From 771f454ff1deee4929927c58feab7dcd3b854f9c Mon Sep 17 00:00:00 2001
From: hiyouga <hiyouga@buaa.edu.cn>
Date: Sat, 3 Jun 2023 18:19:01 +0800
Subject: [PATCH] use low_cpu_mem_usage to speed up loading

---
 src/export_model.py |  2 +-
 src/utils/common.py | 24 ++++++++++++++++--------
 src/utils/config.py | 10 +++++++---
 3 files changed, 24 insertions(+), 12 deletions(-)
diff --git a/src/export_model.py b/src/export_model.py
index 2d977ae..f202401 100644
--- a/src/export_model.py
+++ b/src/export_model.py
@@ -13,7 +13,7 @@ def main():
     model_args, training_args, finetuning_args = parser.parse_args_into_dataclasses()
 
     model, tokenizer = load_pretrained(model_args, finetuning_args)
-    model.save_pretrained(training_args.output_dir, max_shard_size="1GB")
+    model.save_pretrained(training_args.output_dir, max_shard_size="10GB")
     tokenizer.save_pretrained(training_args.output_dir)
 
     print("model and tokenizer have been saved at:", training_args.output_dir)
diff --git a/src/utils/common.py b/src/utils/common.py
index 65ae293..66fa4c3 100644
--- a/src/utils/common.py
+++ b/src/utils/common.py
@@ -143,15 +143,24 @@ def load_pretrained(
     assert stage in ["pt", "sft"] or finetuning_args.finetuning_type == "lora", \
         "RM and PPO training can only be performed with LoRA method."
 
+    config_kwargs = {
+        "trust_remote_code": True,
+        "cache_dir": model_args.cache_dir,
+        "revision": model_args.model_revision,
+        "use_auth_token": True if model_args.use_auth_token else None,
+    }
+
     tokenizer = AutoTokenizer.from_pretrained(
         model_args.model_name_or_path,
         use_fast=model_args.use_fast_tokenizer,
-        padding_side="left"
+        padding_side="left",
+        **config_kwargs
     )
     tokenizer.pad_token_id = 0 if tokenizer.pad_token_id is None else tokenizer.pad_token_id # set as the <unk> token
 
+    config = AutoConfig.from_pretrained(model_args.model_name_or_path, **config_kwargs)
+
     # Quantization configurations (using bitsandbytes library).
-    config_kwargs = {}
     if model_args.quantization_bit is not None:
         assert model_args.quantization_bit == 8, "We only accept 8-bit quantization."

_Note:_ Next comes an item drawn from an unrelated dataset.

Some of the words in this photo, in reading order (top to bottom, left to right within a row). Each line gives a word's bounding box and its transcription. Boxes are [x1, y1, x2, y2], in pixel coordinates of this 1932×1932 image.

         require_version("bitsandbytes>=0.39.0", "To fix: pip install bitsandbytes>=0.39.1")
@@ -162,23 +171,19 @@ def load_pretrained(
 
         config_kwargs["load_in_8bit"] = True
         config_kwargs["device_map"] = "auto" # it should not be specified outside of load_in_8bit
-        logger.info("Quantized model to {} bit.".format(model_args.quantization_bit))
-
-    config = AutoConfig.from_pretrained(model_args.model_name_or_path)

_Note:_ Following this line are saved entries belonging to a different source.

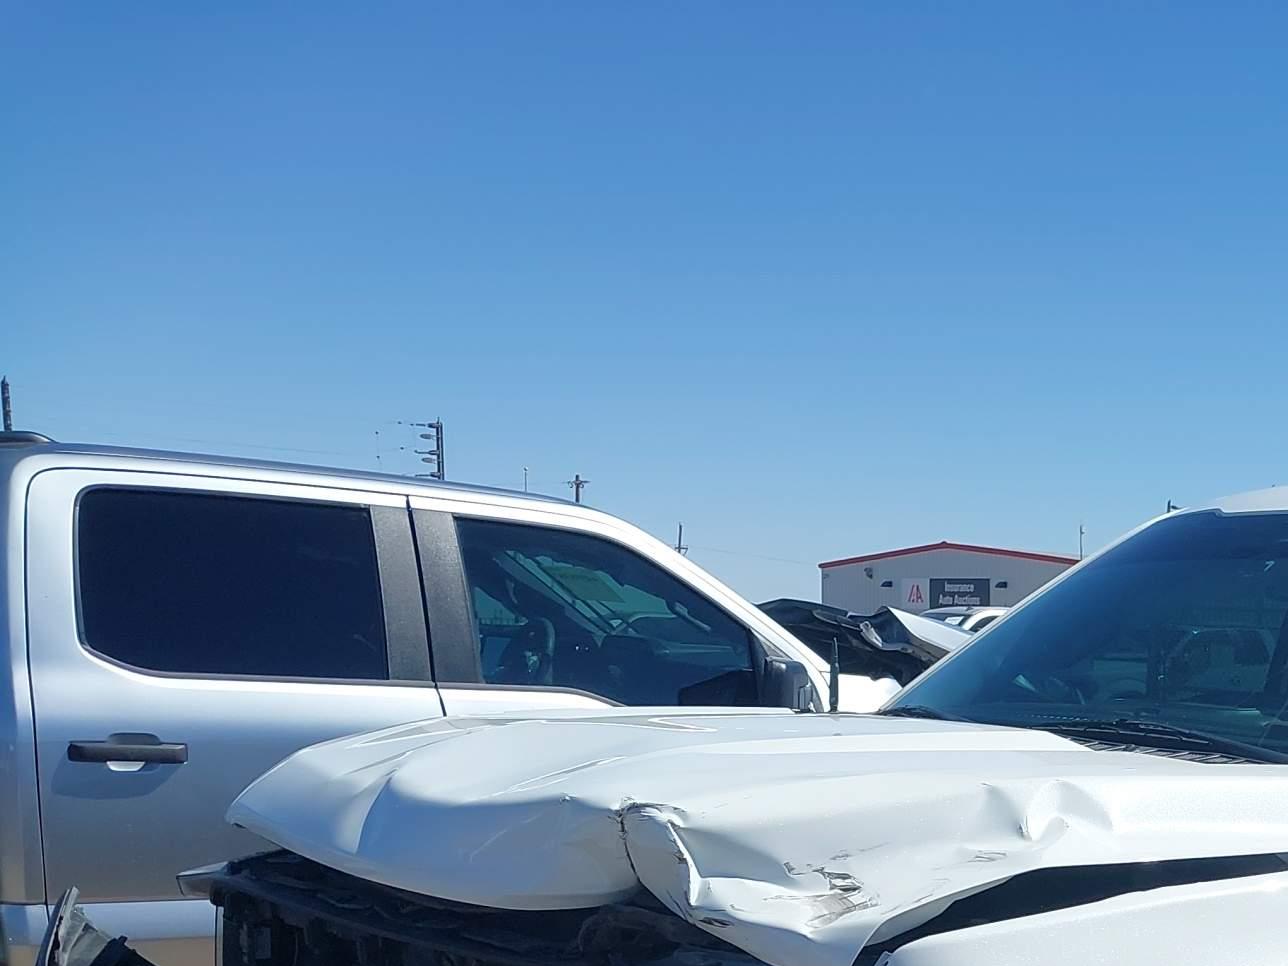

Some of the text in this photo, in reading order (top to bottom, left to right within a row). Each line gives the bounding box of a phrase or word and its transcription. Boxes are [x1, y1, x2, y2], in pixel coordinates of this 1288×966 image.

[944, 580, 975, 593] Insurance
[938, 593, 980, 605] Auto Auctions
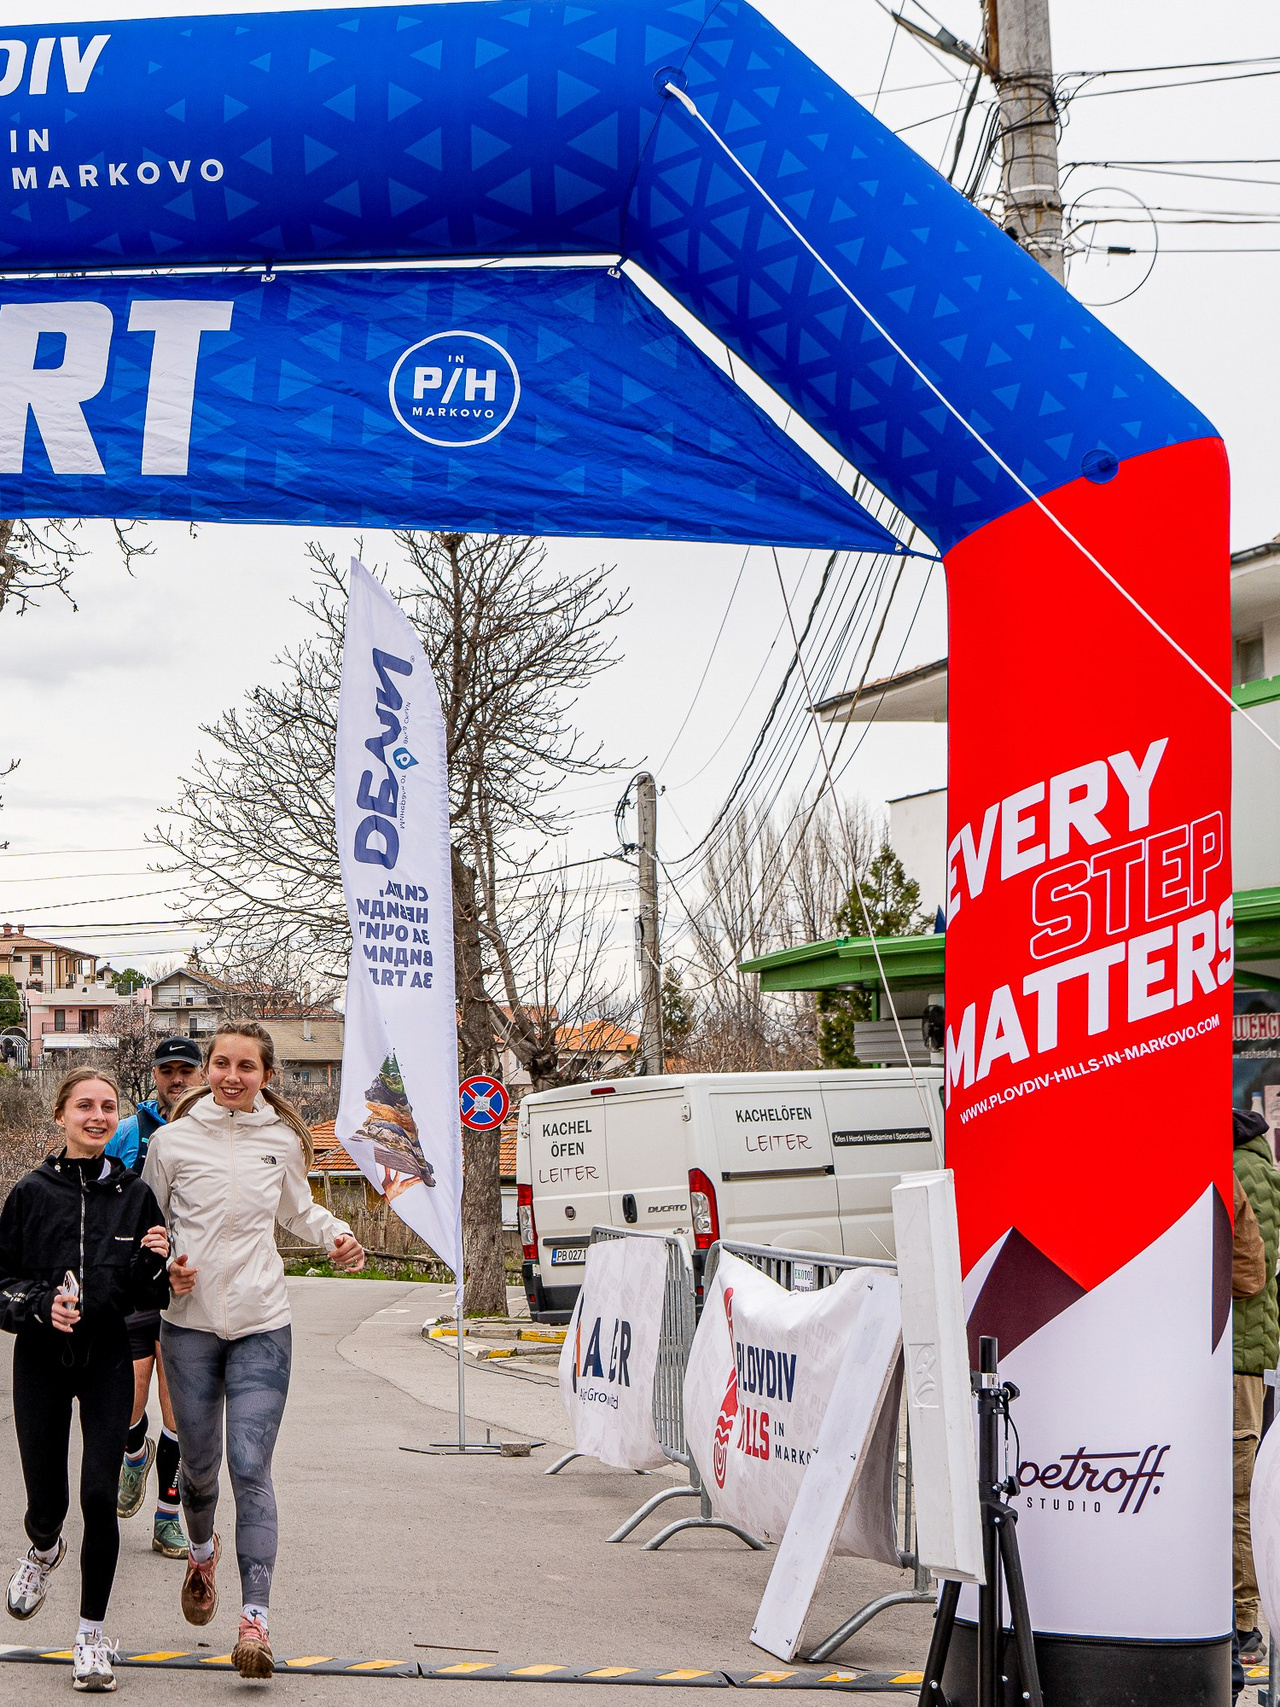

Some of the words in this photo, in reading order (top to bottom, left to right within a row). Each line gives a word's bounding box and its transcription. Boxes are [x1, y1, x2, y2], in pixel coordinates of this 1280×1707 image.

[10, 128, 50, 153] IN
[12, 158, 226, 190] MARKOVO
[448, 354, 464, 363] IN
[413, 366, 497, 404] P/H
[412, 406, 495, 418] MARKOVO
[946, 737, 1169, 930] EVERY
[1030, 810, 1223, 960] STEP
[945, 893, 1234, 1111] MATTERS
[960, 1014, 1220, 1125] WWW.PLOVDIV-HILLS-IN-MARKOVO.COM
[735, 1105, 812, 1123] KACHELÖFEN
[542, 1120, 592, 1137] KACHEL
[551, 1141, 584, 1158] ÖFEN
[745, 1134, 812, 1152] LEITER
[538, 1165, 599, 1184] LEITER
[648, 1204, 687, 1214] DUCATO
[736, 1342, 797, 1403] PLOVDIV
[774, 1421, 784, 1437] IN
[1026, 1496, 1101, 1513] STUDIO

+        logger.info("Quantizing model to {} bit.".format(model_args.quantization_bit))
 
     # Load and prepare pretrained models (without valuehead).
     model = AutoModelForCausalLM.from_pretrained(
         model_args.model_name_or_path,
         config=config,
         torch_dtype=torch.float16, # the model weights are float16 type
+        low_cpu_mem_usage=True,
         **config_kwargs
     )
     model = prepare_model_for_training(model) if is_trainable else model
     model = init_adapter(model, model_args, finetuning_args, is_trainable)
 
-    if not is_trainable:
-        model.requires_grad_(False) # fix all model params
-
     if stage == "rm" or stage == "ppo": # add value head
         model = AutoModelForCausalLMWithValueHead.from_pretrained(model)
 
@@ -194,6 +199,9 @@ def load_pretrained(
         if model_args.quantization_bit is not None:
             model._is_int8_training_enabled = True
 
+    if not is_trainable:
+        model.requires_grad_(False) # fix all model params
+
     print_trainable_params(model)
 
     return model, tokenizer
diff --git a/src/utils/config.py b/src/utils/config.py
index 98d5907..deb13ad 100644
--- a/src/utils/config.py
+++ b/src/utils/config.py
@@ -38,13 +38,17 @@ class ModelArguments:
         metadata={"help": "Where to store the pretrained models downloaded from huggingface.co."}
     )
     use_fast_tokenizer: Optional[bool] = field(
-        default=True,
+        default=False,
         metadata={"help": "Whether to use one of the fast tokenizer (backed by the tokenizers library) or not."}
     )
     use_auth_token: Optional[bool] = field(
         default=False,
         metadata={"help": "Will use the token generated when running `huggingface-cli login`."}
     )
+    model_revision: Optional[str] = field(
+        default="main",
+        metadata={"help": "The specific model version to use (can be a branch name, tag name or commit id)."}
+    )
     quantization_bit: Optional[int] = field(
         default=None,
         metadata={"help": "The number of bits to quantize the model."}
@@ -59,7 +63,7 @@ class ModelArguments:
     )
     checkpoint_dir: Optional[str] = field(
         default=None,
-        metadata={"help": "Path to the directory containing the model checkpoints as well as the configurations."}
+        metadata={"help": "Path to the directory(s) containing the delta model checkpoints as well as the configurations."}
     )
     reward_model: Optional[str] = field(
         default=None,
@@ -75,7 +79,7 @@ class ModelArguments:
     )
 
     def __post_init__(self):
-        if self.checkpoint_dir is not None: # support merging lora weights
+        if self.checkpoint_dir is not None: # support merging multiple lora weights
             self.checkpoint_dir = [cd.strip() for cd in self.checkpoint_dir.split(",")]